Vereadora denuncia condições precárias de ônibus escolares em Taquaritinga

Meire Mazzini questiona contrato emergencial firmado pela Prefeitura e cobra transparência e segurança para os alunos

A vereadora Meire Mazzini (PL) apresentou denúncia pública, através de suas redes sociais, sobre o estado de conservação dos ônibus escolares contratados de forma emergencial pela Prefeitura de Taquaritinga para o transporte de alunos da rede municipal de ensino. Segundo a parlamentar, a situação deste ano “supera as reclamações recorrentes registradas em anos anteriores”, levantando sérias preocupações quanto à segurança das crianças.

De acordo com Meire Mazzini, ela esteve recentemente na garagem da empresa responsável pelo serviço, onde conversou com uma representante identificada como Aline, que respondia pela empresa naquele momento. A vereadora relatou que alguns veículos apresentados estariam em condições precárias e que motoristas realizavam testes no local. Ainda segundo a parlamentar, a estrutura administrativa da empresa chamou atenção pela ausência de itens básicos, como salas adequadas e sanitários.

Questionamentos sobre contrato emergencial

Outro ponto levantado pela vereadora diz respeito à forma de contratação.
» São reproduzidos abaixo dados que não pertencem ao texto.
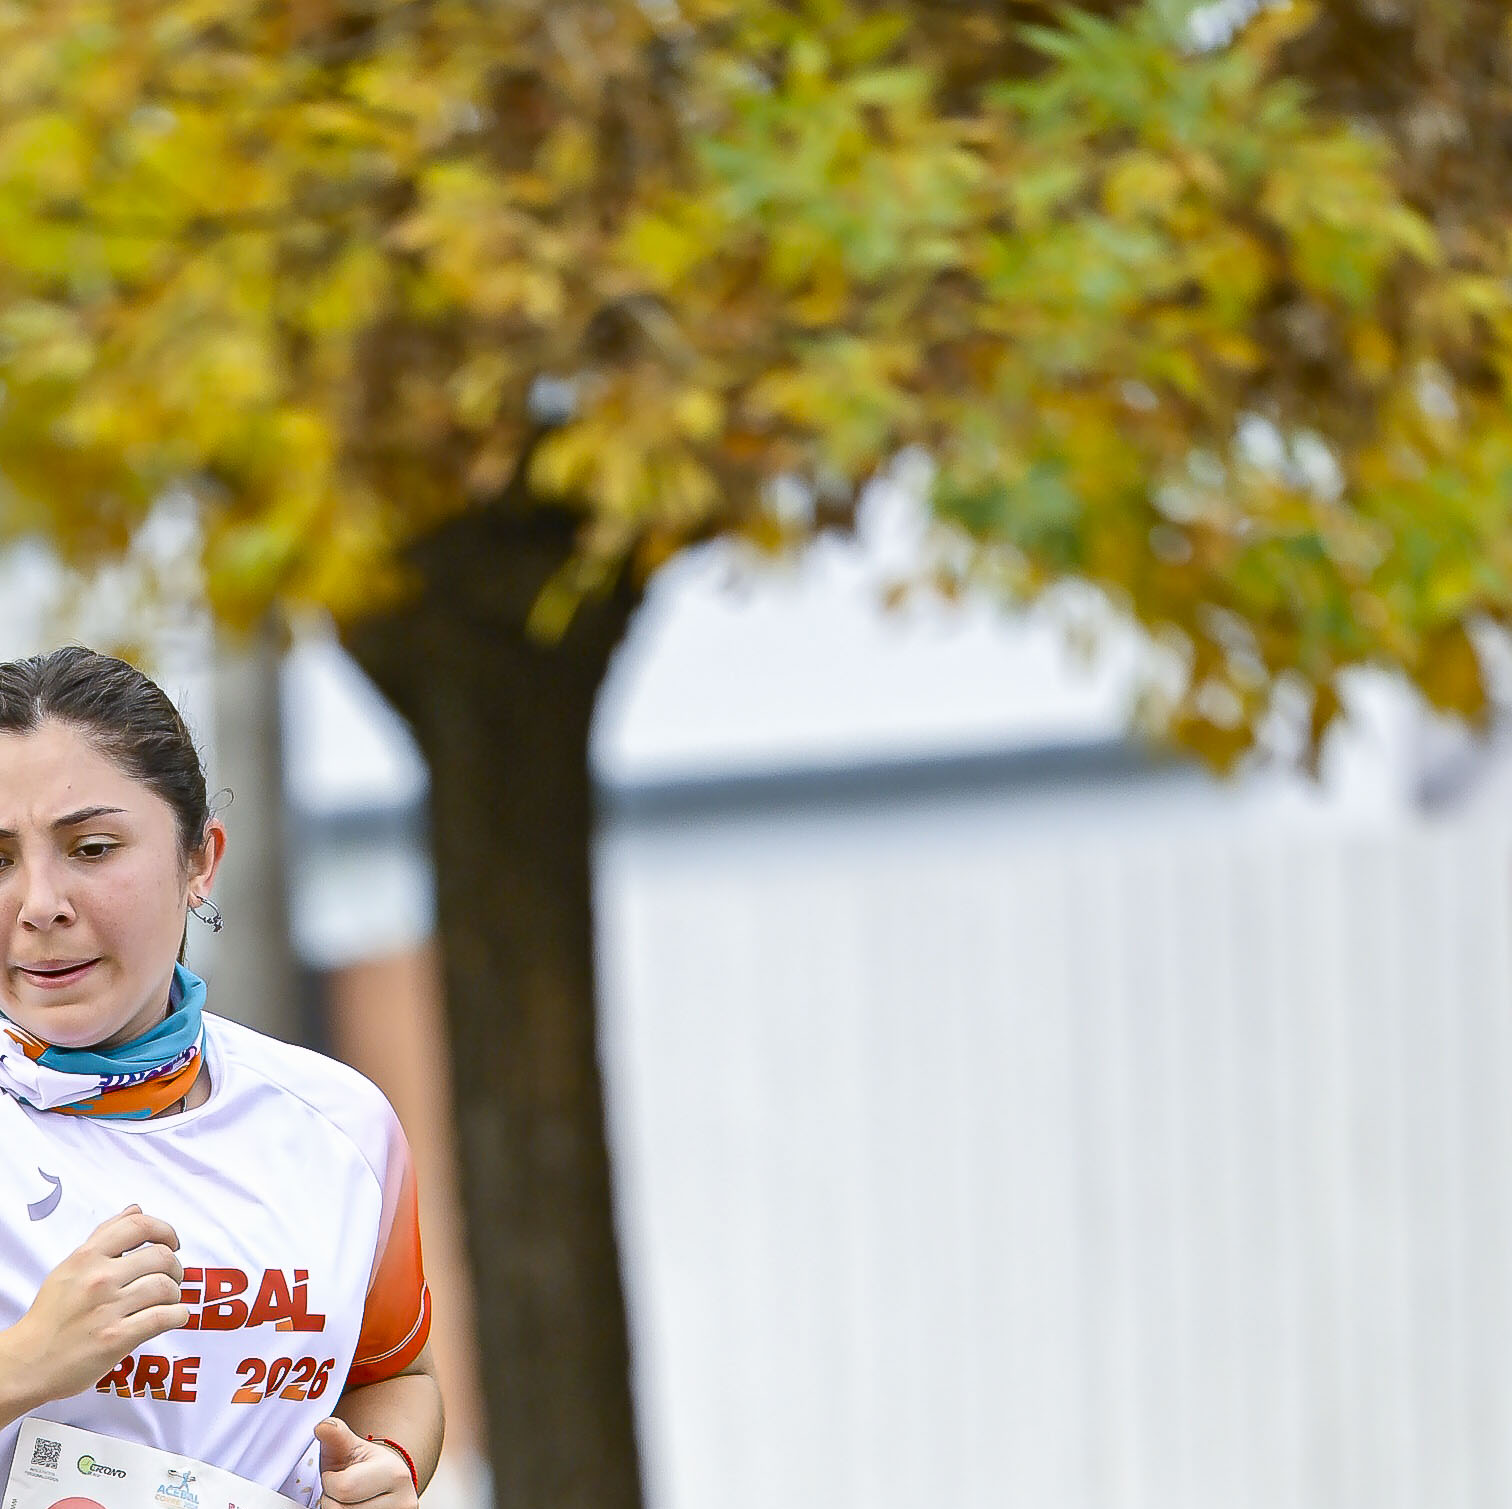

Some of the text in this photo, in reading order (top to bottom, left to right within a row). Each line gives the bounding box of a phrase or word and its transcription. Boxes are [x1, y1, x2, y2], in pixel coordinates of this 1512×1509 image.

[175, 1267, 326, 1333] EBAL
[95, 1354, 336, 1404] RRE 2026
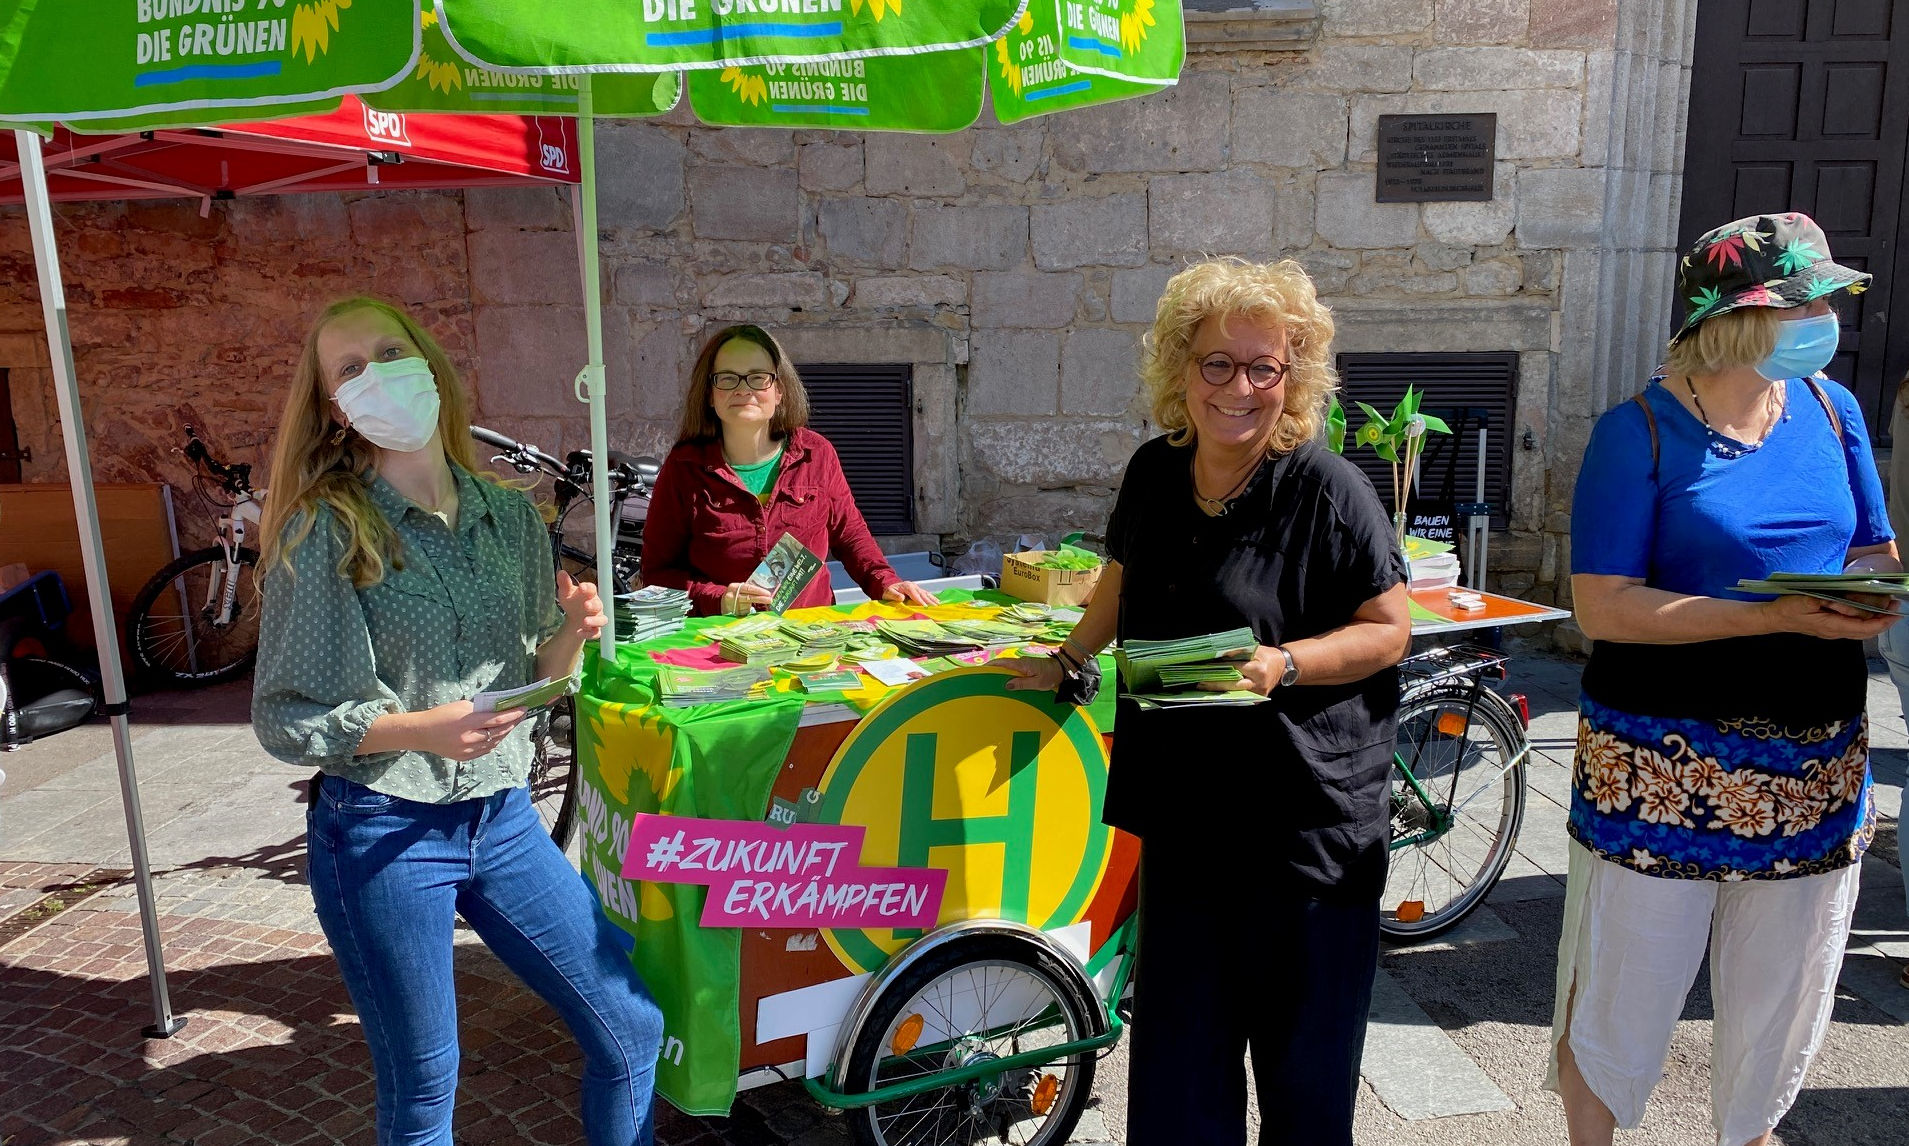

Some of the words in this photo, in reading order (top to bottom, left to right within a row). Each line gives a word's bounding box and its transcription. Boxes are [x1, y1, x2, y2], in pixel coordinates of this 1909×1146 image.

Segundo ela, o contrato emergencial teria sido firmado diretamente pela Prefeitura, sem o conhecimento prévio dos vereadores. “O prefeito tem autonomia para tomar decisões, mas tudo estaria sendo feito de forma apressada e sem a devida transparência”, afirmou.

A parlamentar relatou ainda ter recebido, de maneira informal, a informação de um secretário adjunto do gabinete de que 11 empresas teriam sido convidadas para participar da licitação, mas nenhuma teria aceitado. “Queremos saber como se chegou a essa empresa específica e se todo o processo ocorreu dentro da legalidade”, declarou.

Segurança e transparência como prioridades

Para Meire Mazzini, a principal preocupação no momento é a segurança dos alunos que utilizam o transporte escolar diariamente. Em segundo plano, segundo ela, estão os aspectos financeiros, como valores de contratos, aplicação de multas e a regularidade das empresas envolvidas. A vereadora também afirmou ter informações de que alguns dos ônibus apresentados seriam veículos locados, e não de propriedade da empresa contratada.

Ao final da manifestação, a parlamentar defendeu a união de esforços entre vereadores, autoridades, população, Ministério Público e demais instituições para acompanhar o caso. “Não podemos permitir que a cidade funcione sem organização e sem respeito à lei. É uma situação preocupante que precisa ser apurada com responsabilidade e transparência”, concluiu.